Being & Doing in the Face of Angst and Self-Criticism:

A big teacher for me has been Eckhart Tolle, by way of his book, A New Earth. Coming into your life’s purpose involves balancing your inner, primary purpose of Being with your outer, secondary purpose of Doing. One of the first steps of Being is recognizing the "unobserved emotions that are the body’s reaction to what the voice in the head is saying.”

Angst, fear, jealousy, anxiety these emotions and the stories that accompany them become much lighter and more manageable when we acknowledge and become conscious of them. It requires patience, but this kind of presence and awareness is available to everyone, everywhere, anytime. 

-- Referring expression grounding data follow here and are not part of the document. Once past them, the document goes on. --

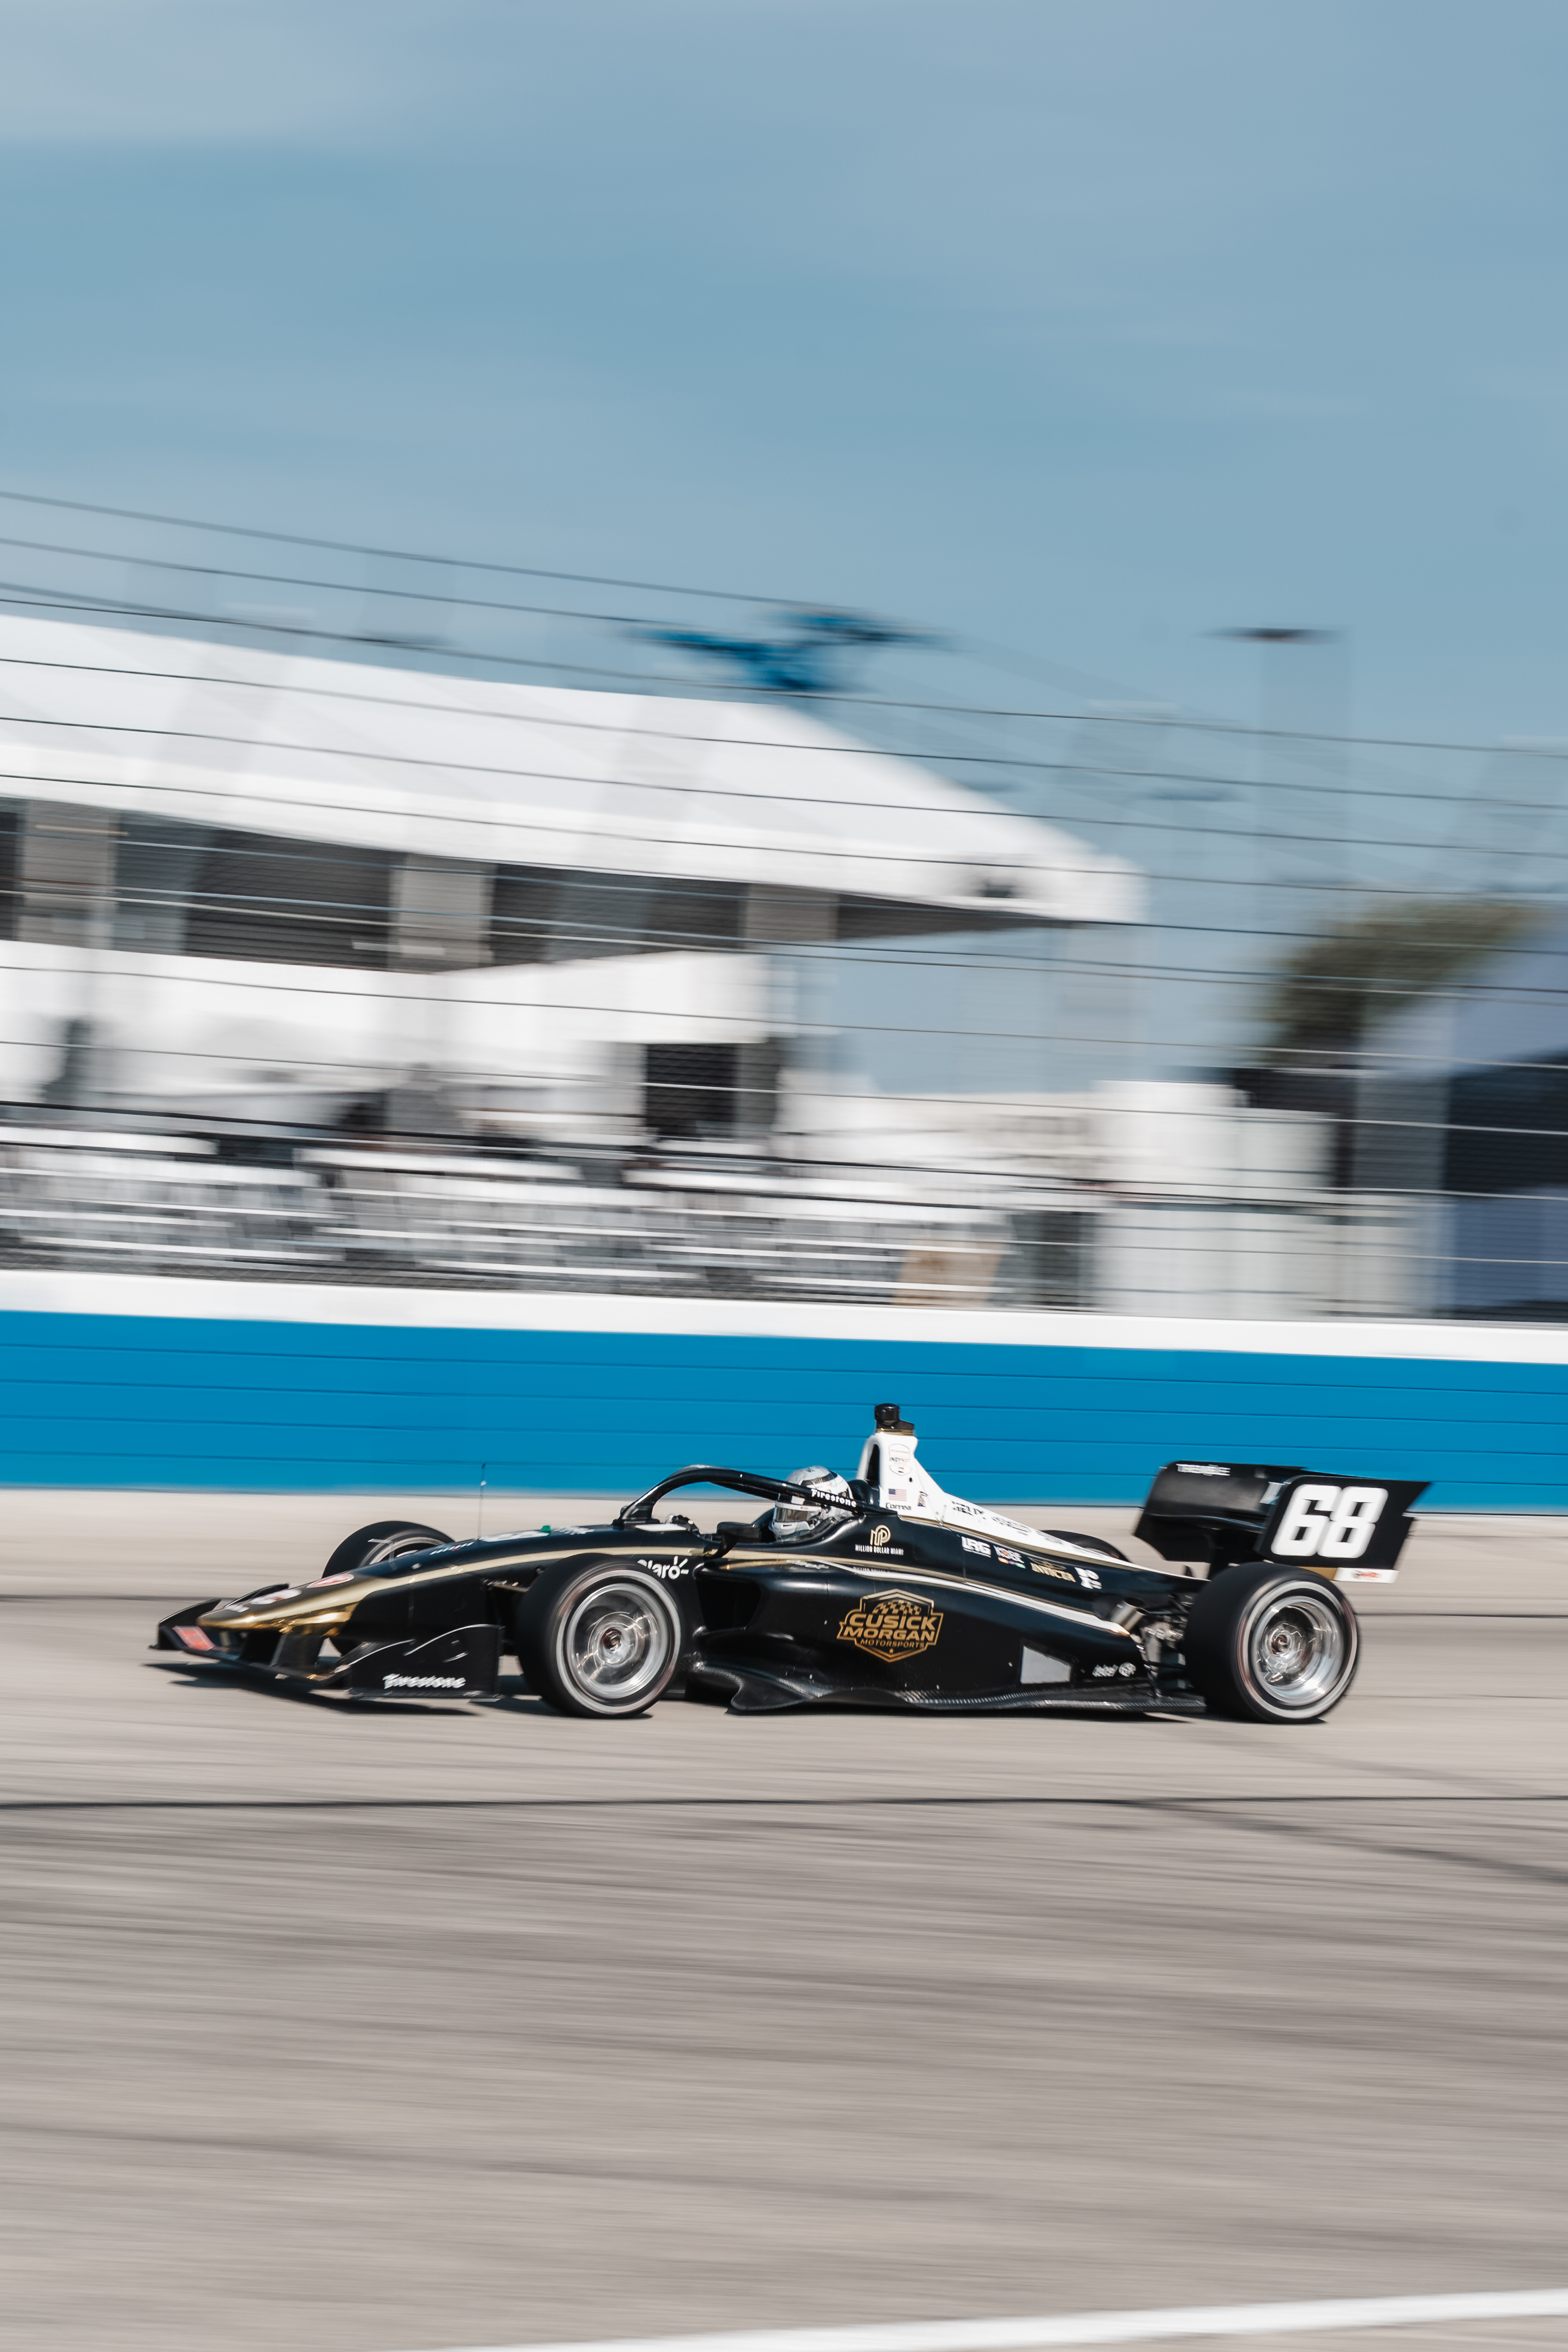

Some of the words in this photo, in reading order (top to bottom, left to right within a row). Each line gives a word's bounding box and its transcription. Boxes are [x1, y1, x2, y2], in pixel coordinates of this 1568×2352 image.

[811, 1488, 857, 1508] Firestone
[886, 1502, 911, 1511] Correa
[1271, 1484, 1389, 1558] 68
[849, 1613, 937, 1630] CUSICK
[843, 1626, 935, 1642] MORGAN
[860, 1638, 925, 1649] MOTORSPORTS

An Exercise to Bring it All Together:

If you struggle with the angst of your inner critic, try dialoguing with her on paper, out loud, or through artwork. She might have a lot to teach you, and you might be ready to give her some time off. Take a deep breath and acknowledge the stories you are telling yourself to keep you playing small... let go and see what happens next.

I'd love to hear what you do!



For more information on psychotherapy sessions in my Downtown Bethesda office, click here.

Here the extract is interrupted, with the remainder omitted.